Camlp4 is a software system for writing extensible parsers for programming languages. It provides a set of OCaml libraries that are used to define grammars as well as loadable syntax extensions of such grammars. Camlp4 stands for Caml Preprocessor and Pretty-Printer and one of its most important applications is the definition of domain-specific extensions of the syntax of OCaml.
Camlp4 is part of the official OCaml distribution which is developed at the INRIA. Its original author is Daniel de Rauglaudre. OCaml version 3.10.0, released in May 2007, introduced a significantly modified and backward-incompatible version of Camlp4. De Rauglaudre maintains a separate backward-compatible version, which has been renamed Camlp5. All of the examples below are for Camlp5 or the previous version of Camlp4 (versions 3.09 and prior).

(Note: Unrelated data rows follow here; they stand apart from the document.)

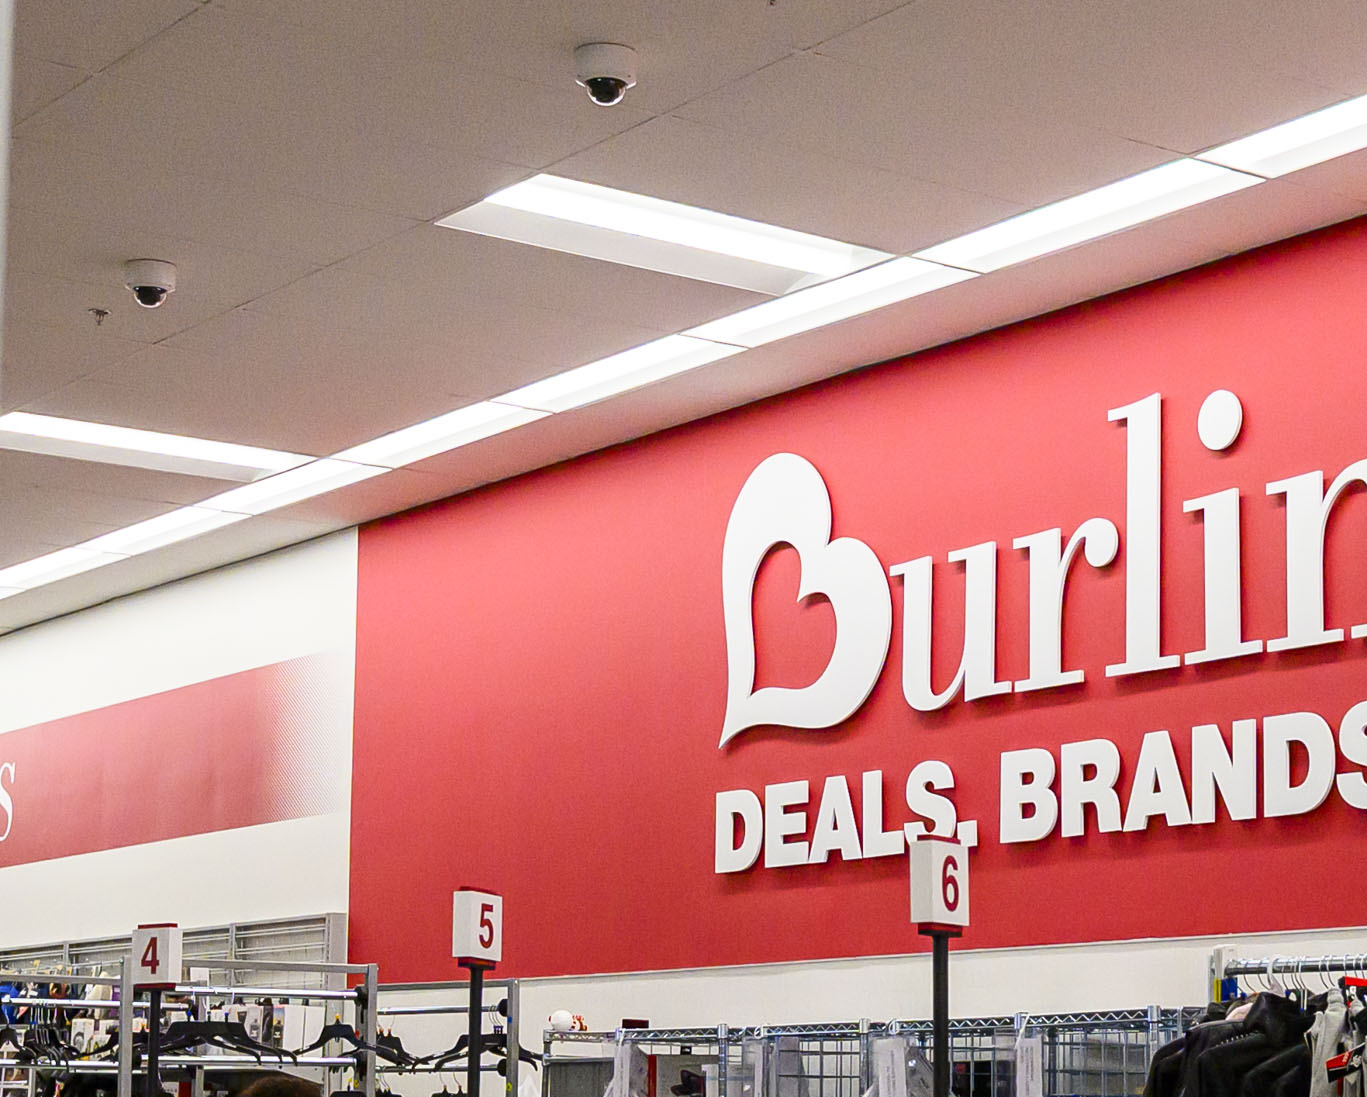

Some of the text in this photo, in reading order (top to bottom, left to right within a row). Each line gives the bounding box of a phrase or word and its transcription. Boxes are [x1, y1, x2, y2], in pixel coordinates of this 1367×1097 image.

[715, 760, 978, 874] DEALS.
[941, 855, 960, 912] 6
[479, 903, 495, 950] 5
[140, 936, 160, 974] 4
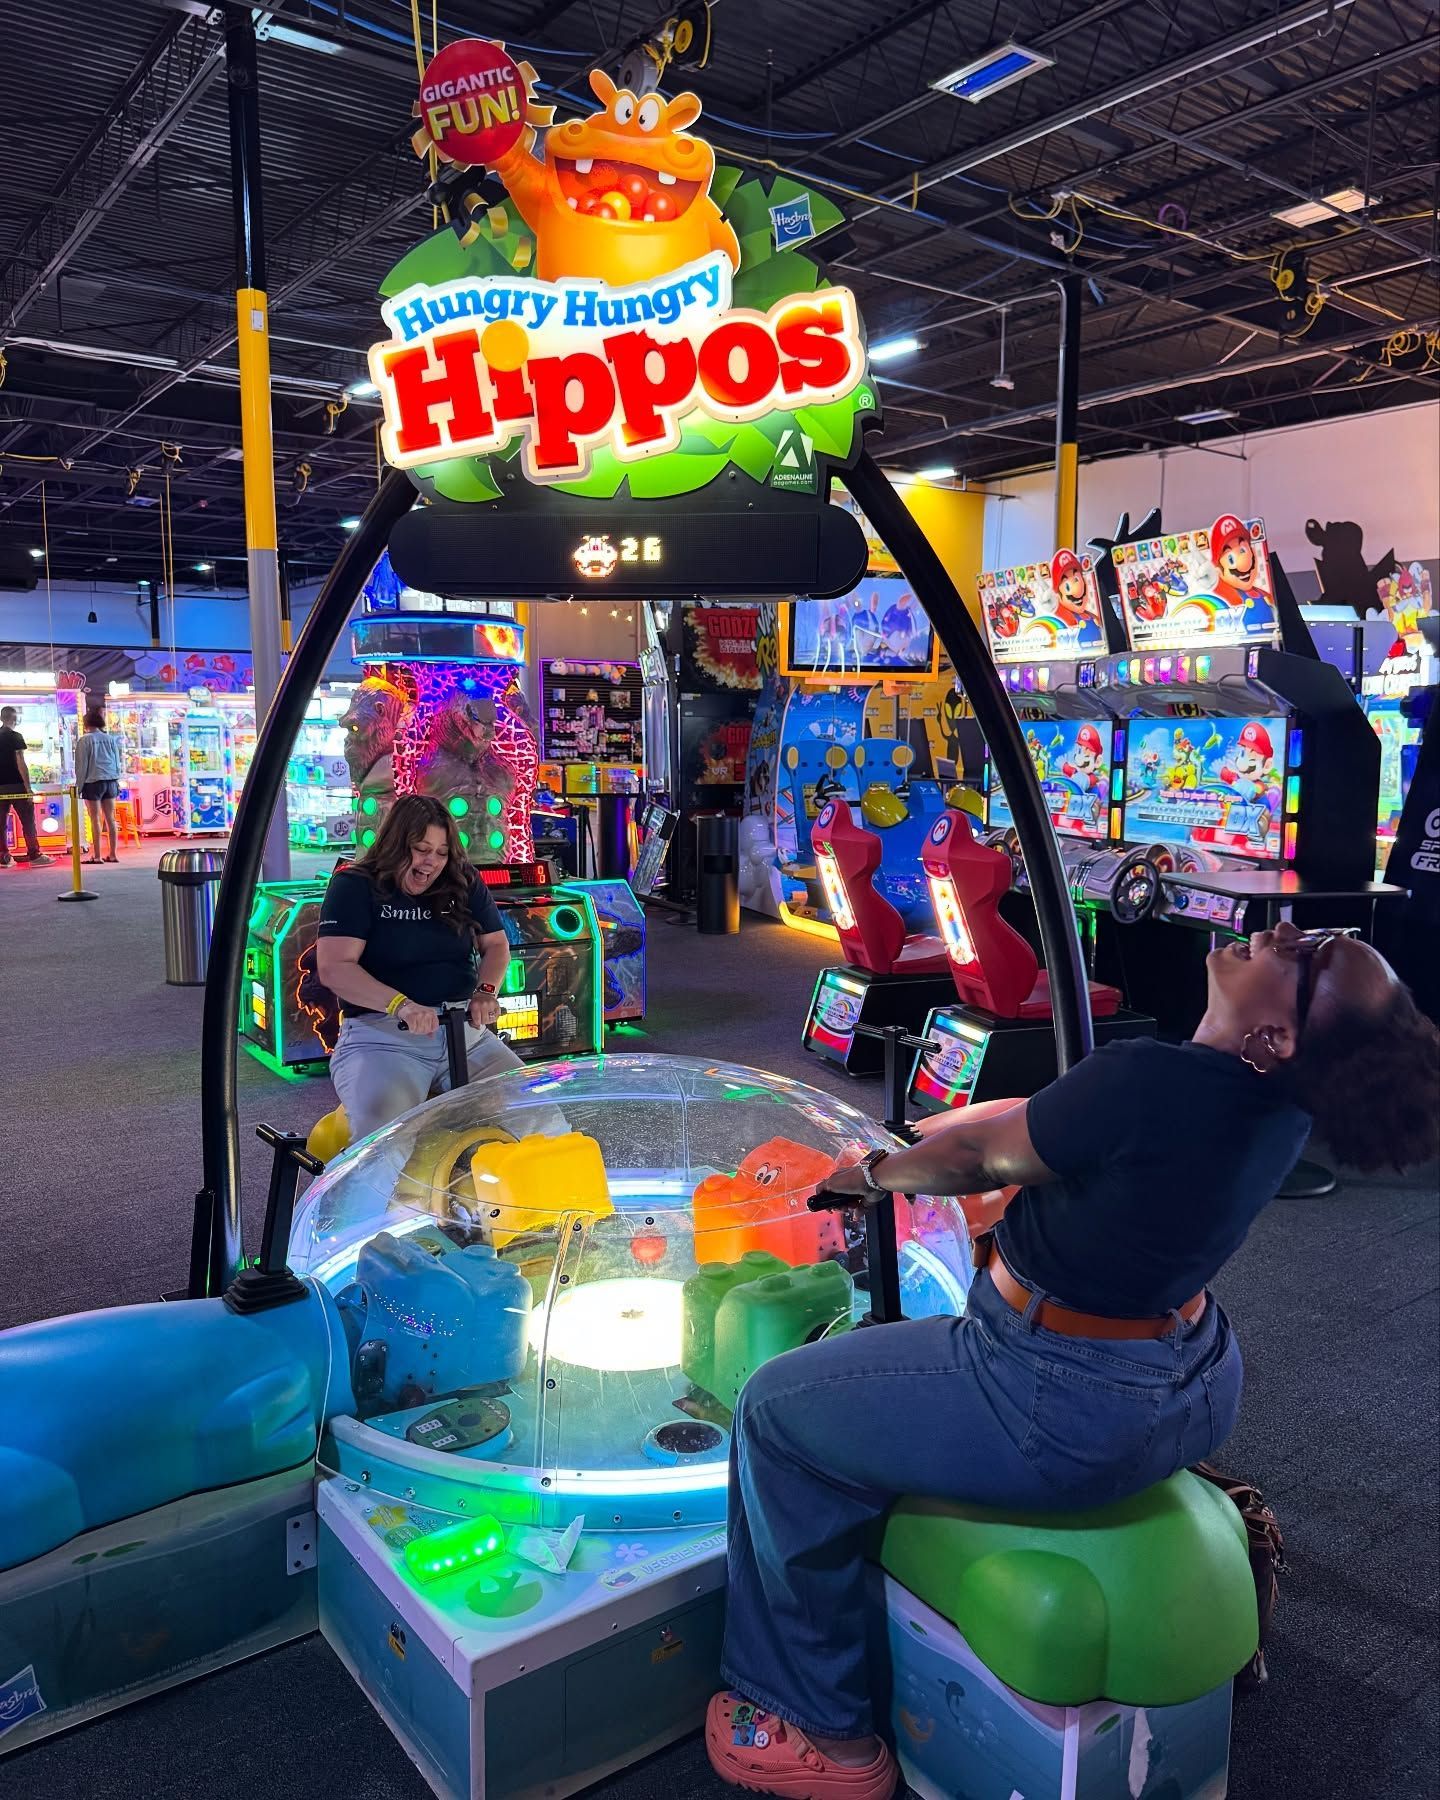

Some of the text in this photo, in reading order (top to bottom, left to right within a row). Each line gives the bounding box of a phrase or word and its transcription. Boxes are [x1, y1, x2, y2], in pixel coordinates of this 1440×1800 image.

[423, 66, 514, 103] GIGANTIC
[427, 86, 520, 140] FUN!
[771, 211, 812, 226] Hasbro
[393, 265, 720, 342] Hungry Hungry
[383, 299, 852, 470] Hippos
[620, 537, 661, 562] 26
[381, 905, 431, 920] Smile
[693, 1533, 728, 1553] POTA
[641, 1547, 692, 1574] VEGGIE
[0, 1686, 39, 1709] asbro

A Camlp4 preprocessor operates by loading a collection of compiled modules which define a parser as well as a pretty-printer: the parser converts an input program into an internal representation. This internal representation constitutes the abstract syntax tree (AST). It can be output in a binary form, e.g. it can be passed directly to one of the OCaml compilers, or it can be converted back into a clear text program. The notion of concrete syntax refers to the format in which the abstract syntax is represented.
For instance, the OCaml expression (1 + 2) can also be written ((+) 1 2) or (((+) 1) 2). The difference is only at the level of the concrete syntax, since these three versions are equivalent representations of the same abstract syntax tree. As demonstrated by the definition of a revised syntax for OCaml, the same programming language can use different concrete syntaxes. They would all converge to an abstract syntax tree in a unique format that a compiler can handle.

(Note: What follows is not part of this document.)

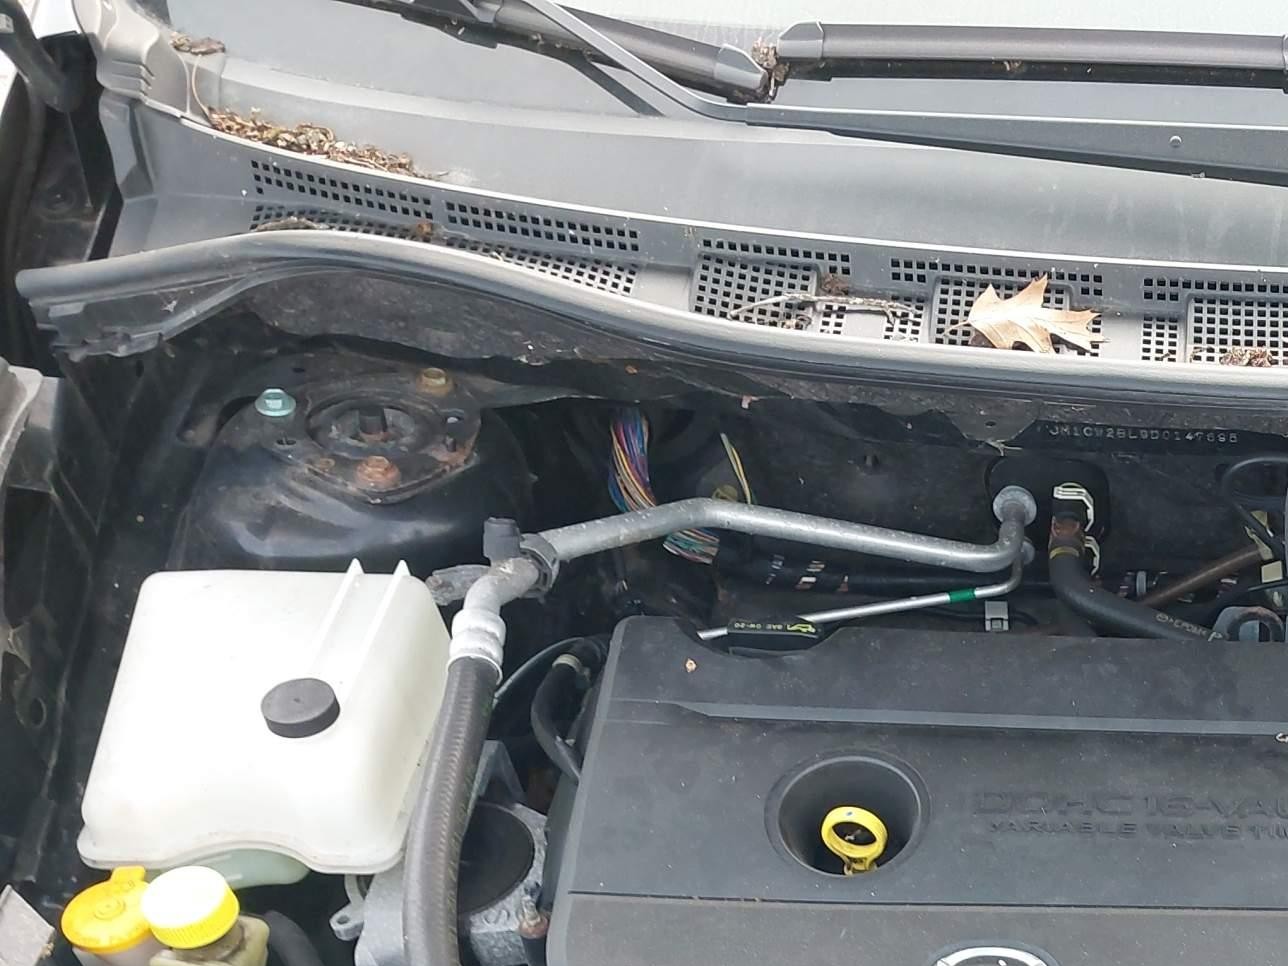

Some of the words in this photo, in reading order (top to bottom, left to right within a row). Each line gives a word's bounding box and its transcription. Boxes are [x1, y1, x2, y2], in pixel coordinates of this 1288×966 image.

[974, 793, 1134, 816] DOHC
[988, 819, 1137, 836] VARIABLE
[1147, 821, 1241, 840] VALVE

The abstract syntax tree is at the center of the syntax extensions, which are in fact OCaml programs. Although the definition of grammars must be done in OCaml, the parser that is being defined or extended is not necessarily related to OCaml, in which case the syntax tree that is being manipulated is not the one of OCaml. Several libraries are provided which facilitate the specific manipulation of OCaml syntax trees.